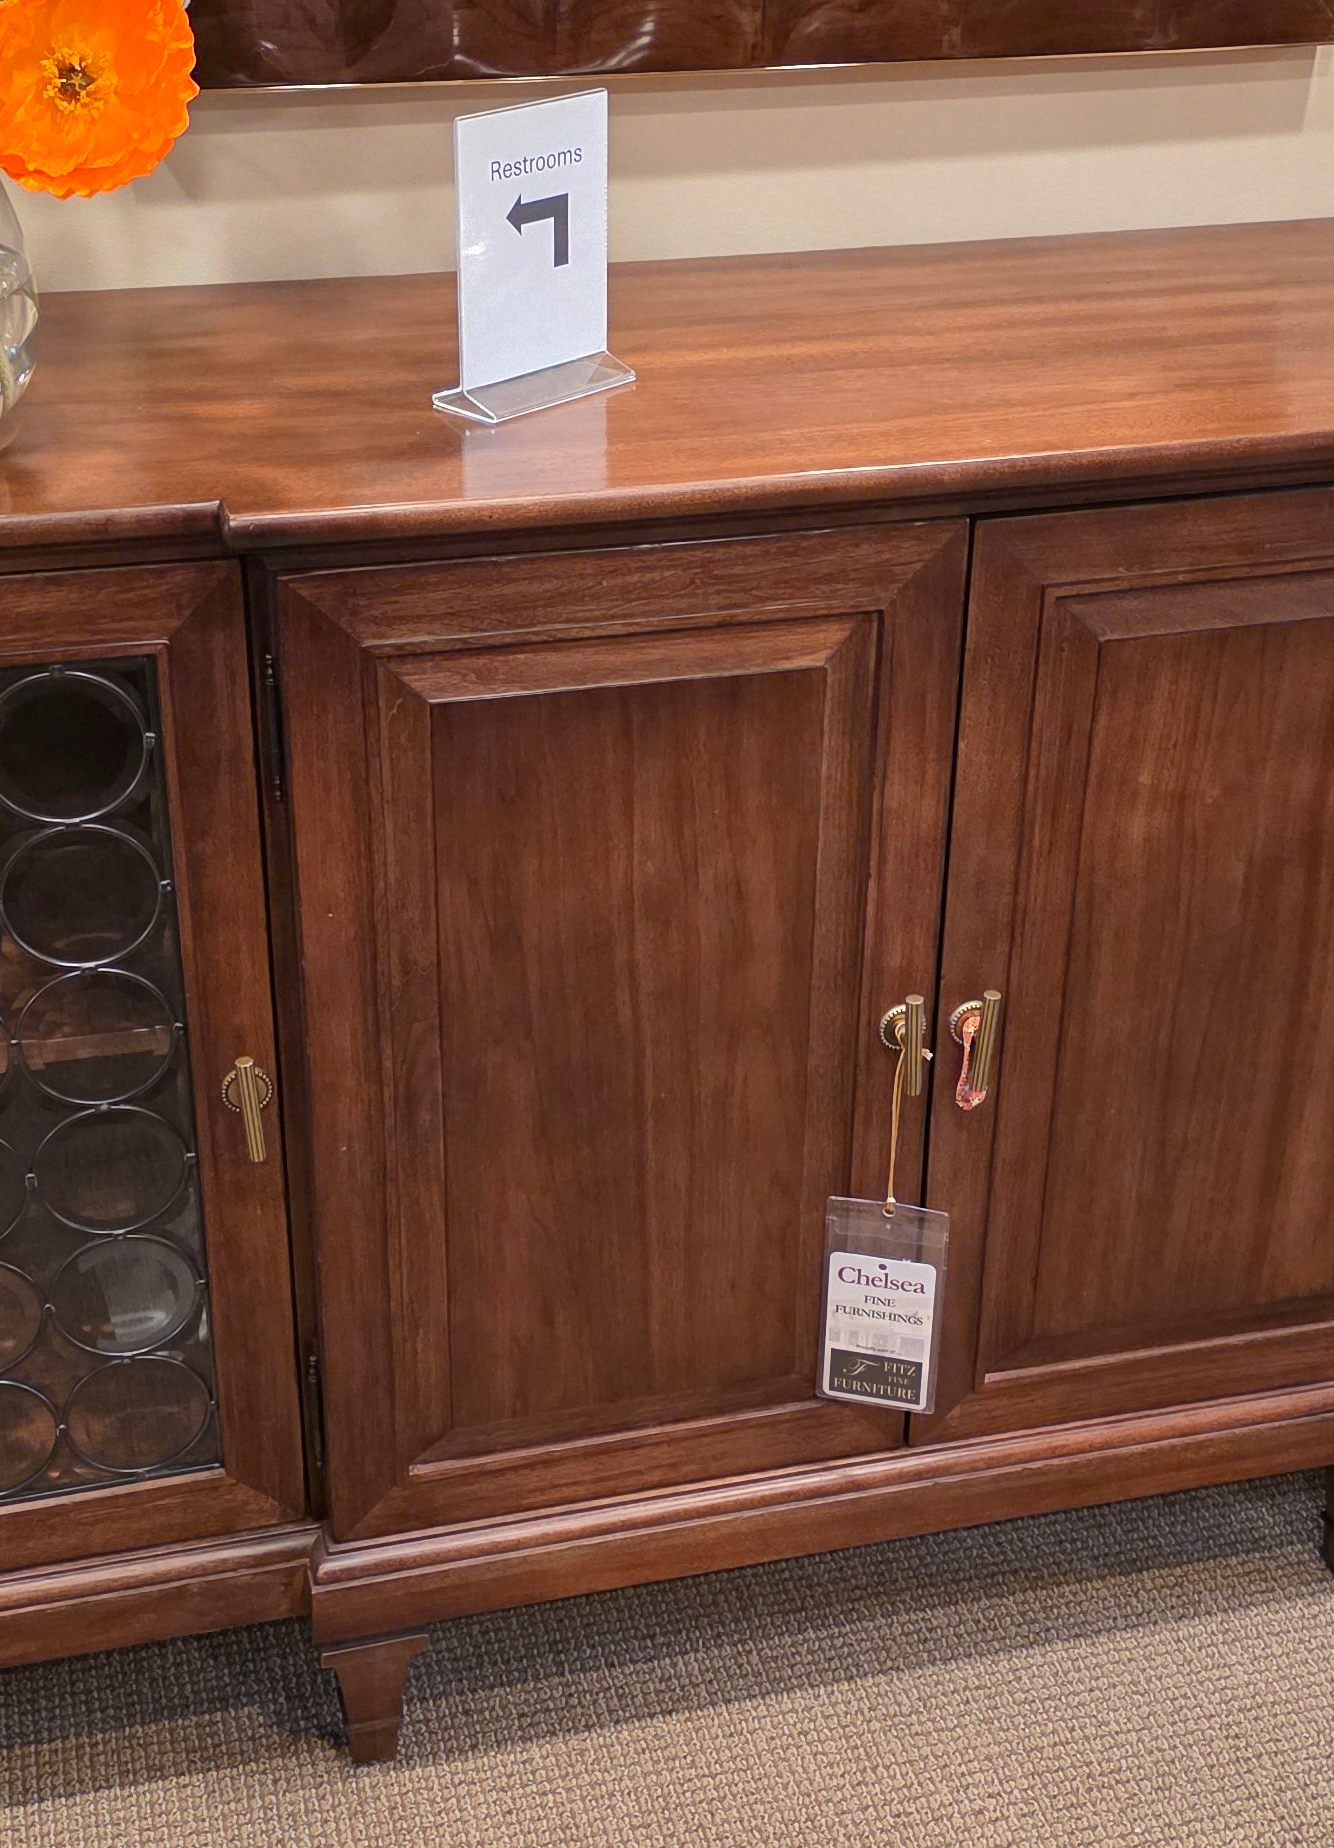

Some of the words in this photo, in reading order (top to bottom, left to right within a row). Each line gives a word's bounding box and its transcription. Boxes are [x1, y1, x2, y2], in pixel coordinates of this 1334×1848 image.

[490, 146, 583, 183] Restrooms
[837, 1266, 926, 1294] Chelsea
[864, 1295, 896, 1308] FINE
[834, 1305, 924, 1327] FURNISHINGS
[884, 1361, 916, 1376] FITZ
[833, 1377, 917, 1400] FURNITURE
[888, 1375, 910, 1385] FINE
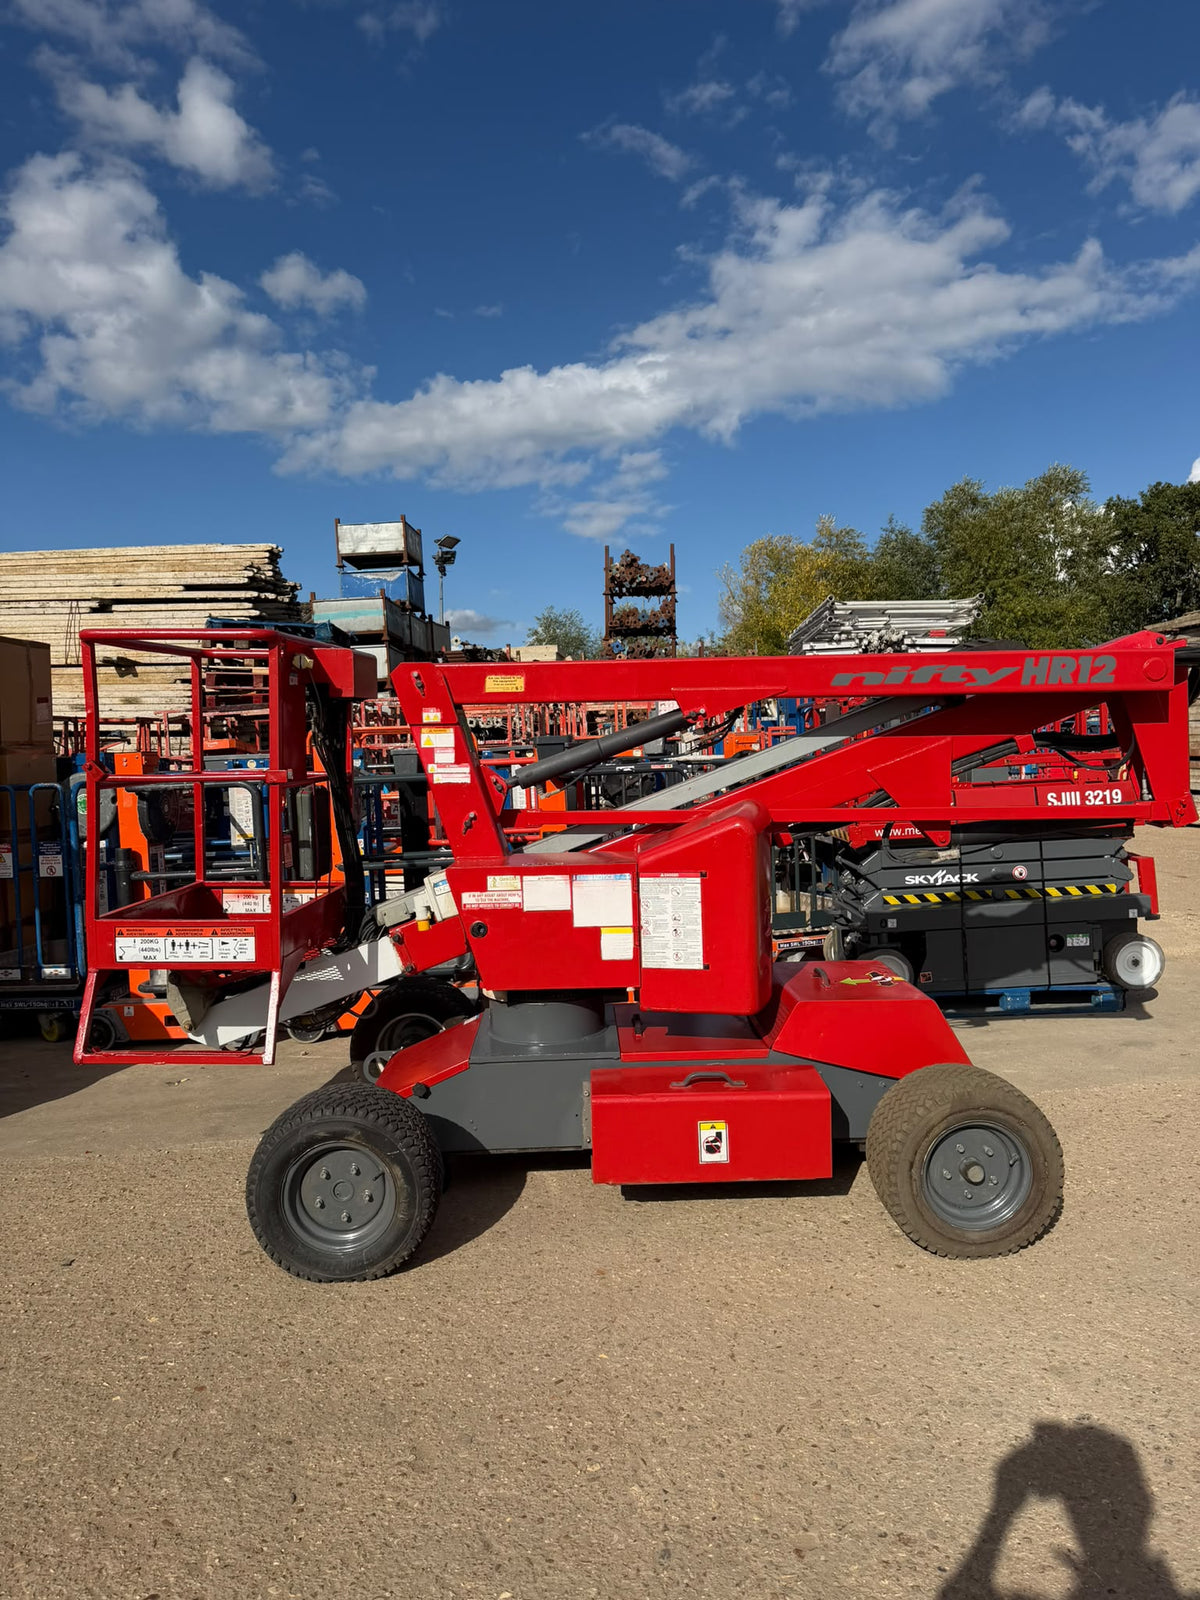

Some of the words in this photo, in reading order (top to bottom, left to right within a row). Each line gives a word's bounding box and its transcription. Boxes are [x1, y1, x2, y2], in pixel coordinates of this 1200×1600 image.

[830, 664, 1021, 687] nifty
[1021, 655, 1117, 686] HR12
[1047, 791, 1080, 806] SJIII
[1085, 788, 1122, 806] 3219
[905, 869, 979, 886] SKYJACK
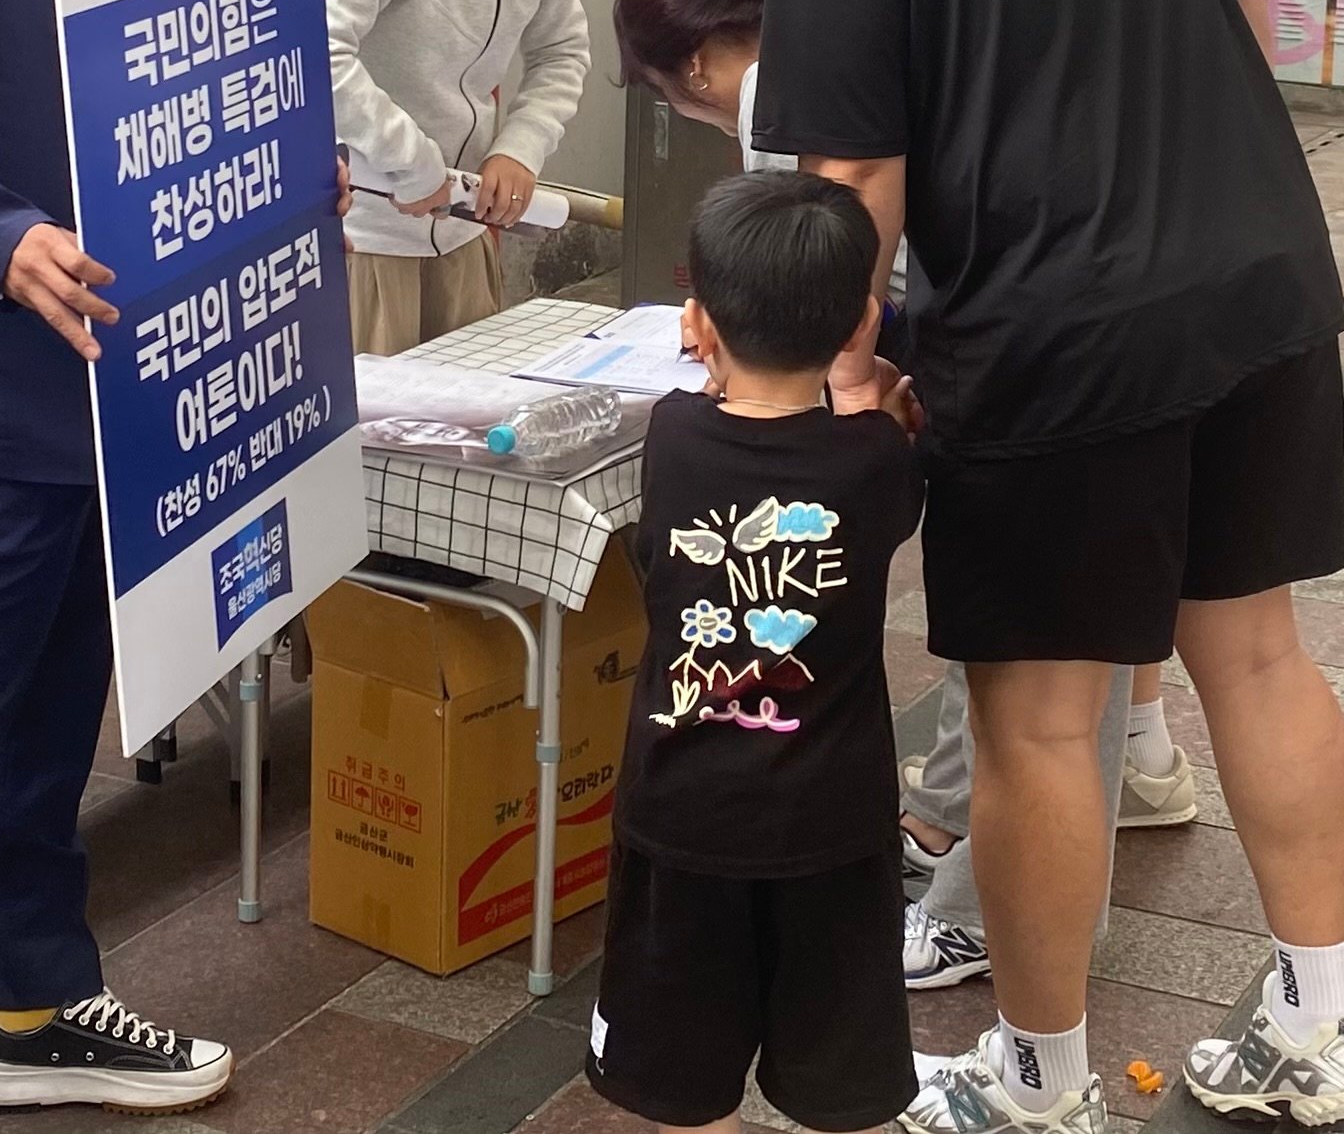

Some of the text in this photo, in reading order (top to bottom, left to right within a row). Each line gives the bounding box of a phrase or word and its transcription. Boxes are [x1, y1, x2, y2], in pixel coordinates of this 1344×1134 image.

········

Print the whole listing exactly. No pictures belong in the copy.

Some of the words in this photo, in reading order (top to bottom, left to right within a row). Each line gives a word's bounding box and its transcription. Boxes are [x1, y1, x2, y2], in pixel coordinates of this 1334×1848 image.

[490, 146, 583, 183] Restrooms
[837, 1266, 926, 1294] Chelsea
[864, 1295, 896, 1308] FINE
[834, 1305, 924, 1327] FURNISHINGS
[884, 1361, 916, 1376] FITZ
[833, 1377, 917, 1400] FURNITURE
[888, 1375, 910, 1385] FINE

Some of the words in this photo, in reading order (top to bottom, left to right within a row). Each line gives a word's bounding box and its transcription. Boxes are [x1, y1, x2, y2], in pixel coordinates of this 1200×1600 image.

[830, 664, 1021, 687] nifty
[1021, 655, 1117, 686] HR12
[1047, 791, 1080, 806] SJIII
[1085, 788, 1122, 806] 3219
[905, 869, 979, 886] SKYJACK

Some of the text in this photo, in reading order (top to bottom, left to right within a row). Each line gives the bounding box of a phrase or word and its transcription. Boxes are [x1, y1, x2, y2], in pixel coordinates of this 1344×1134 image.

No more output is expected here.